> **Work to be completed**: The records below are to be retyped in full. Keep every word.

= Beginning of Section =

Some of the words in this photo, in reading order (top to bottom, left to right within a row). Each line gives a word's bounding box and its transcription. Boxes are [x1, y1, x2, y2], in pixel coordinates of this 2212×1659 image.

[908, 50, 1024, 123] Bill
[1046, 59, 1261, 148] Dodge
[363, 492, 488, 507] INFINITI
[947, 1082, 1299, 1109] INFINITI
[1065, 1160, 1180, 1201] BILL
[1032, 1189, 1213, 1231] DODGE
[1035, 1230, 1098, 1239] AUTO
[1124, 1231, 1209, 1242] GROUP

= End of Section =

> **Expected output**:
Some of the words in this photo, in reading order (top to bottom, left to right within a row). Each line gives a word's bounding box and its transcription. Boxes are [x1, y1, x2, y2], in pixel coordinates of this 2212×1659 image.

[908, 50, 1024, 123] Bill
[1046, 59, 1261, 148] Dodge
[363, 492, 488, 507] INFINITI
[947, 1082, 1299, 1109] INFINITI
[1065, 1160, 1180, 1201] BILL
[1032, 1189, 1213, 1231] DODGE
[1035, 1230, 1098, 1239] AUTO
[1124, 1231, 1209, 1242] GROUP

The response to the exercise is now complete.